The Disappearing Act
Time is your most valuable resource because you can’t get it back. Once it’s spent, it’s gone. When you know what you want to appear in your life, you can be discerning about where you spend your time. Anything that doesn’t contribute to what you want to make appear needs to disappear.
- What activities are not aligned with what you want to appear? Can you stop doing them? This makes more time available for what you want to appear.
- How can you say no to things that would distract you from what you’re trying to make appear?
- What do you need to stop tolerating?
- What negative thoughts and stories need to disappear?
The Restoration Act
At its core, Restoration is about revitalization, hope, and healing.
It’s not fun when you feel stuck, unmotivated, cynical, or adrift, yet we all experience those times in our lives. While we’re usually aware of the discomfort, we don’t always realize that we have the power to change our situation. This is when you need to remember that you can revitalize your life. You hold the magic that is the Restoration Act.
- What relationships may need some healing?
- Do you need to revitalize your mental, emotional, spiritual, or physical health?

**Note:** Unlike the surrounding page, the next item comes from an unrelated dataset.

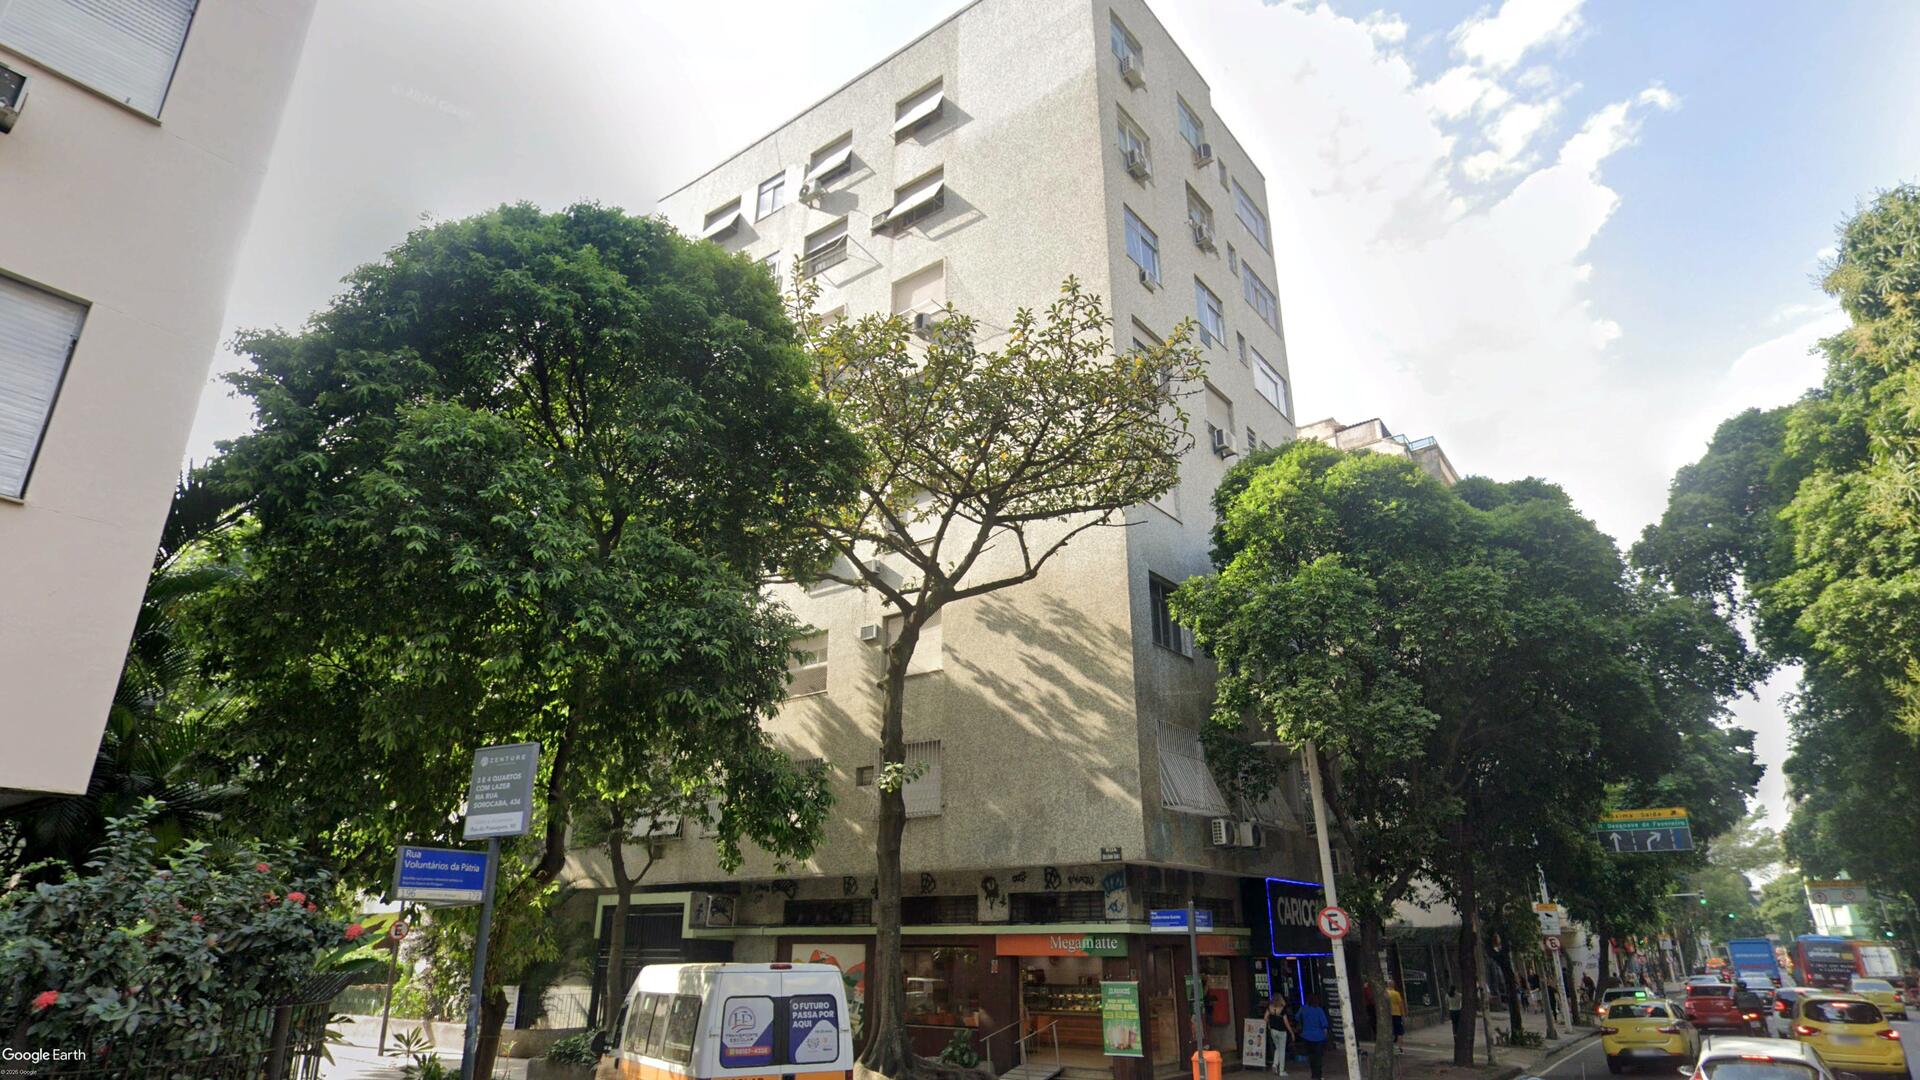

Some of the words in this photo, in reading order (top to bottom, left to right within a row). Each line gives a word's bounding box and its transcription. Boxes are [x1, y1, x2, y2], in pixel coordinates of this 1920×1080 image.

- Do you need to restore integrity with the values that are important to you?
- In what areas of your life do you need to feel more hopeful?
Using Practical Magic for Daily Planning
Once you’ve answered these questions, you’ll have clarity about what you want to appear, what needs to disappear, and what needs to be restored. This clarity is the real magic that will help you make the most of your life and live each day as if it were your last.